Teres II or Teres III (Τήρης) was a king of the Odrysians in Thrace from 351 BC to 341 BC.

The variation in numbering indicates disagreement among scholars, some of whom include as Teres II the paradynast of Amadocus I and rival of Seuthes II who ruled near Byzantium in c. 400 BC, since that Teres is specifically called an Odrysian, and since Seuthes II himself was also a paradynast. The present Teres is therefore found variously as "Teres II" or "Teres III" in the literature.

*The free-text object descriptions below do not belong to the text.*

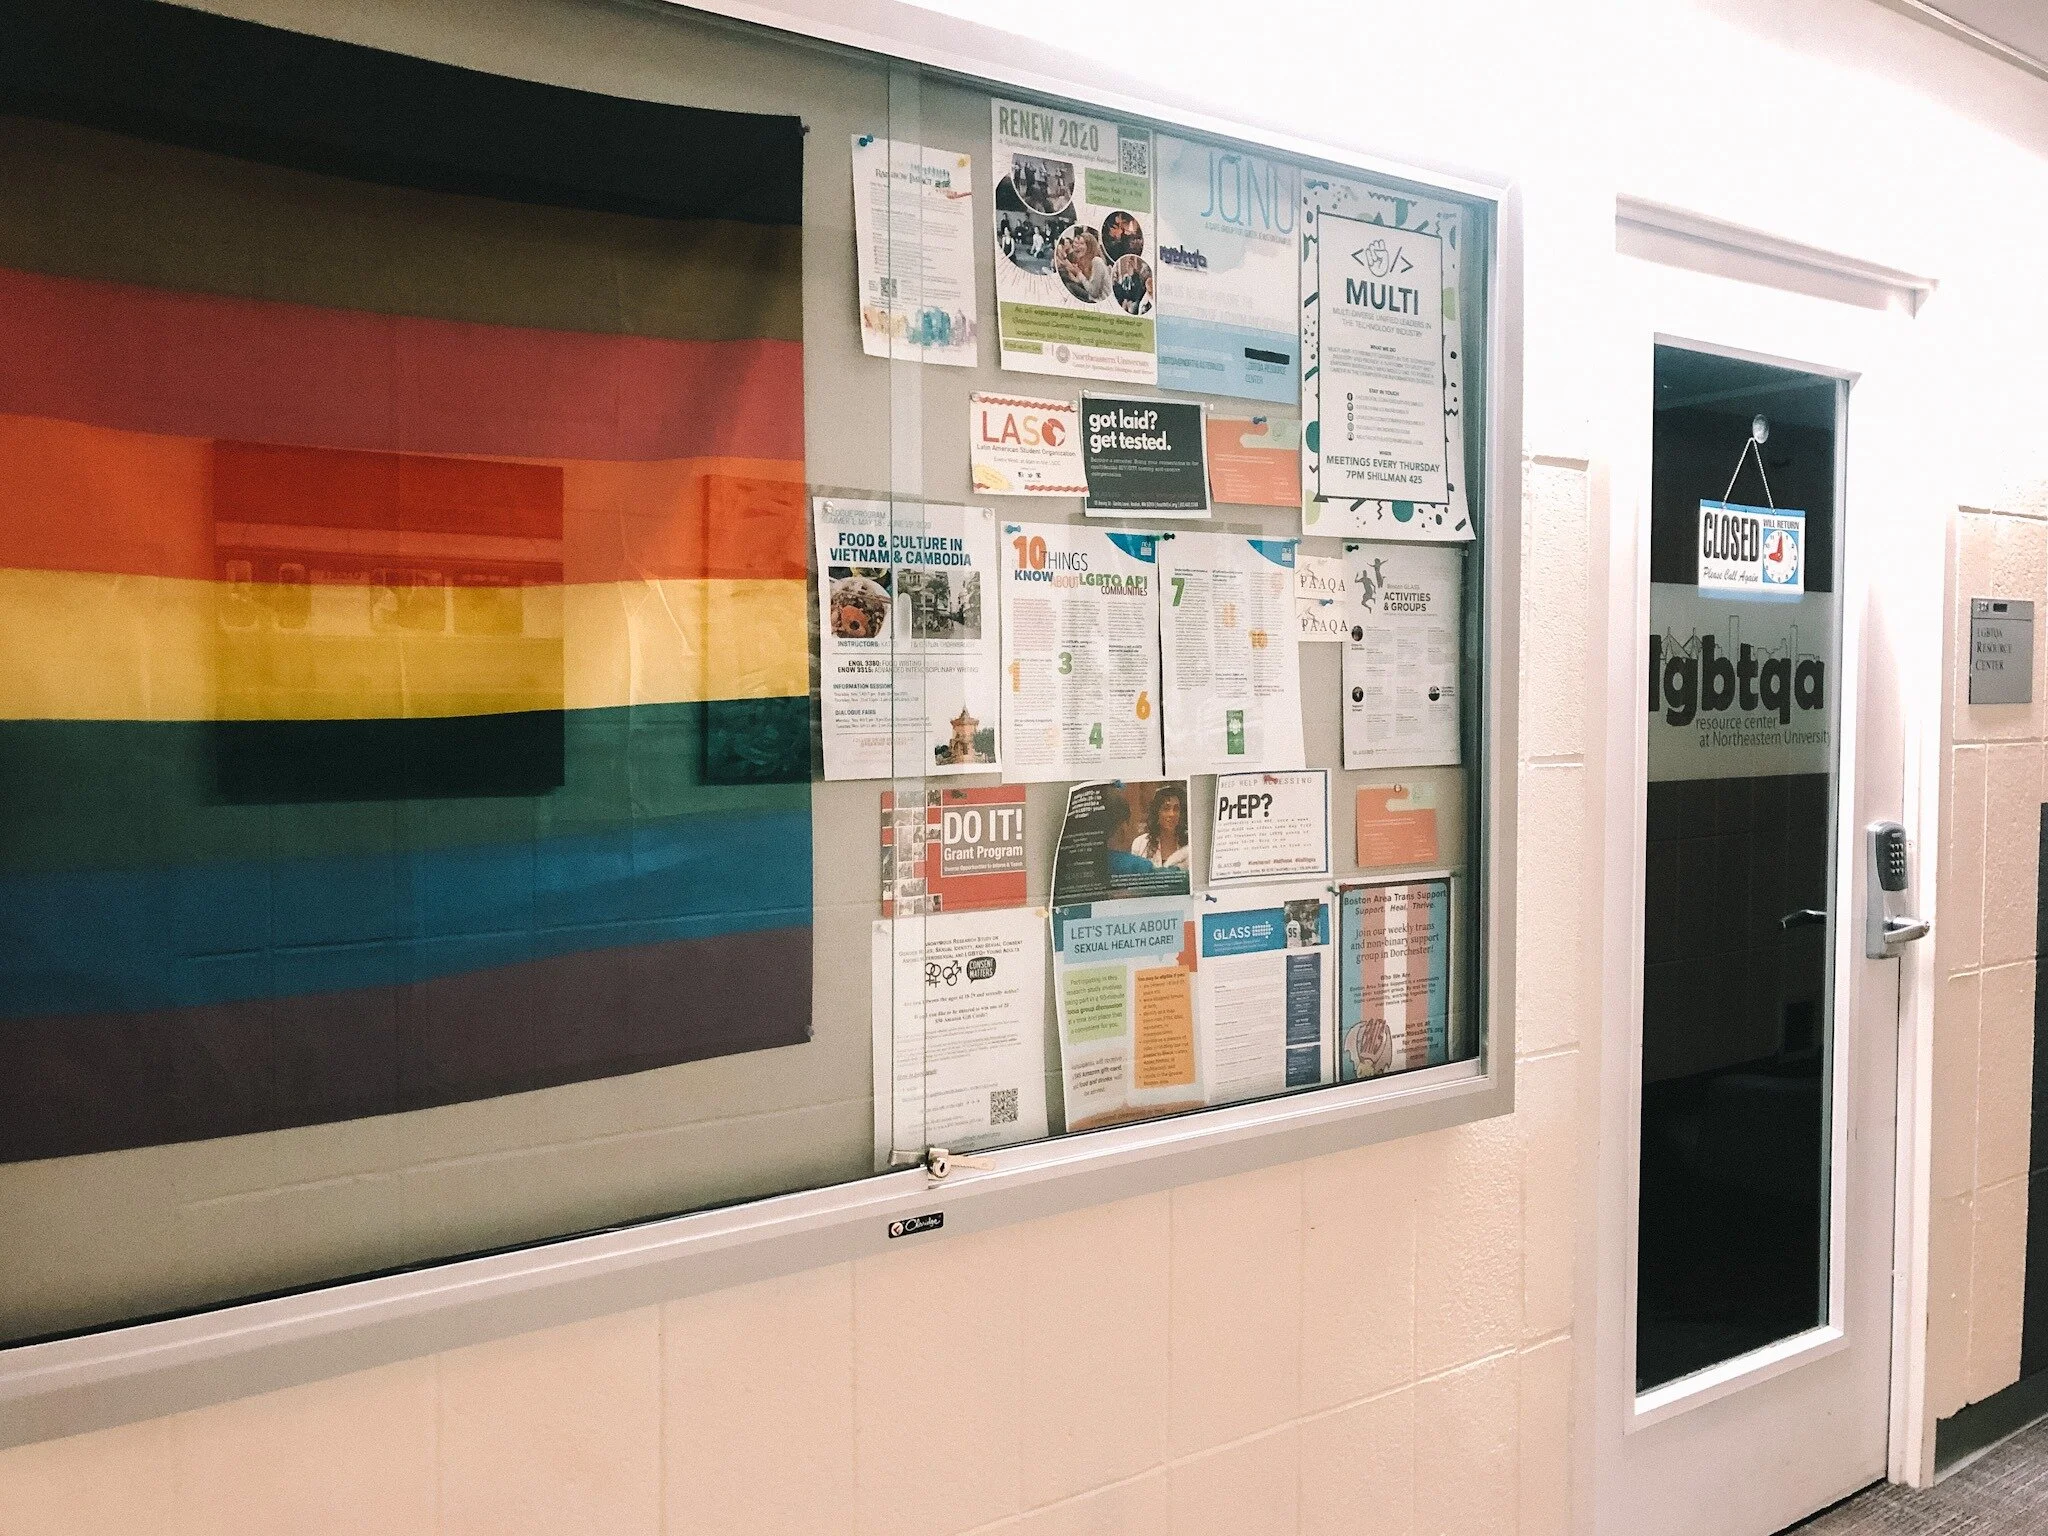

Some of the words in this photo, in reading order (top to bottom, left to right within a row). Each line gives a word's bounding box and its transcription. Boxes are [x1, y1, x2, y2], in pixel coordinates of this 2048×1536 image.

[1000, 106, 1054, 142] RENEW
[1059, 119, 1099, 151] 2020
[1346, 278, 1419, 315] MULTI
[1072, 352, 1115, 364] Northeastern
[982, 411, 1066, 446] LASO
[1089, 411, 1117, 432] got
[1119, 408, 1158, 430] laid?
[1090, 431, 1117, 453] get
[1119, 431, 1171, 450] tested.
[1326, 456, 1371, 467] MEETINGS
[1373, 459, 1397, 469] EVERY
[1400, 461, 1440, 472] THURSDAY
[1346, 470, 1365, 479] 7PM
[1367, 472, 1406, 483] SHILLMAN
[1763, 519, 1776, 528] WILL
[1777, 520, 1799, 530] RETURN
[839, 533, 874, 547] FOOD
[878, 535, 887, 547] &
[892, 536, 947, 549] CULTURE
[950, 539, 962, 550] IN
[1704, 512, 1759, 562] CLOSED
[830, 548, 889, 562] VIETNAM
[893, 551, 902, 563] &
[905, 551, 971, 566] CAMBODIA
[1013, 536, 1047, 570] 10
[1042, 551, 1088, 571] THINGS
[1015, 570, 1053, 581] KNOW
[1052, 575, 1079, 588] ABOUT
[1079, 573, 1122, 586] LGBTQ
[1126, 576, 1147, 587] API
[1301, 574, 1346, 593] PAAQA
[1703, 566, 1722, 580] Please
[1724, 569, 1738, 581] Call
[1740, 571, 1758, 584] Again
[1101, 586, 1147, 596] COMMUNITIES
[1171, 578, 1185, 606] 7
[1384, 592, 1431, 602] ACTIVITIES
[1391, 603, 1426, 612] GROUPS
[1302, 618, 1348, 634] PAAQA
[1977, 642, 2012, 653] RESOURCE
[1058, 652, 1072, 674] 3
[1976, 660, 2004, 671] CENTER
[1649, 634, 1824, 726] lgbtqa
[1136, 691, 1150, 720] 6
[1696, 716, 1741, 730] resource
[1744, 716, 1778, 729] center
[1089, 722, 1103, 749] 4
[1700, 733, 1710, 747] at
[1713, 731, 1781, 747] Northeastern
[1219, 793, 1273, 820] PrEP?
[944, 810, 982, 845] DO
[989, 809, 1022, 842] IT!
[944, 847, 974, 861] Grant
[977, 845, 1023, 860] Program
[1344, 896, 1371, 906] Boston
[1374, 895, 1391, 904] Area
[1394, 892, 1414, 901] Trans
[1417, 890, 1446, 900] Support
[1071, 926, 1102, 940] LET'S
[1106, 922, 1136, 936] TALK
[1139, 919, 1177, 932] ABOUT
[1214, 926, 1251, 941] GLASS
[1355, 930, 1371, 940] Join
[1388, 924, 1413, 934] weekly
[1415, 922, 1434, 931] trans
[1074, 942, 1108, 954] SEXUAL
[1112, 938, 1146, 949] HEALTH
[1149, 935, 1174, 946] CARE!
[1351, 941, 1365, 950] and
[1367, 936, 1408, 949] non-binary
[1411, 934, 1439, 944] support
[1356, 951, 1379, 964] group
[1390, 945, 1433, 957] Dorchester!
[969, 960, 994, 969] CONSENT
[969, 968, 993, 978] MATTERS
[1082, 1069, 1100, 1077] Amazon

Teres II or III is generally assumed to have been the son of Amadocus II, on the basis of historical succession and coin types. This identification is possibly supported by an inscription naming "Tērēs (son) of Amatokos" on a silver bowl found at the village of Braničevo in northeastern Bulgaria. Amadocus II, who ruled the central portion of Thrace, disappears from the sources at the time of a military intervention by Philip II of Macedon in 352/351 BC, and Teres appears to have succeeded him at this point. Since Demosthenes stated that Philip had "expelled some kings and replaced them with others," Teres may have come to the throne as Philip's appointee, although Demosthenes' statement is usually associated with the heirs of Berisades in western Thrace. During a subsequent Macedonian campaign in Thrace under Philip's general Antipater in 347/346 BC, Teres kept his throne, apparently allying with Philip against the eastern Thracian king Cersobleptes. This state of affairs lasted until Philip's later and more prolonged campaign in Thrace in 342–340 BC. After several victories over the Thracians, Philip subjugated the country, deposing both Teres and Cersobleptes, presumably in 341 BC.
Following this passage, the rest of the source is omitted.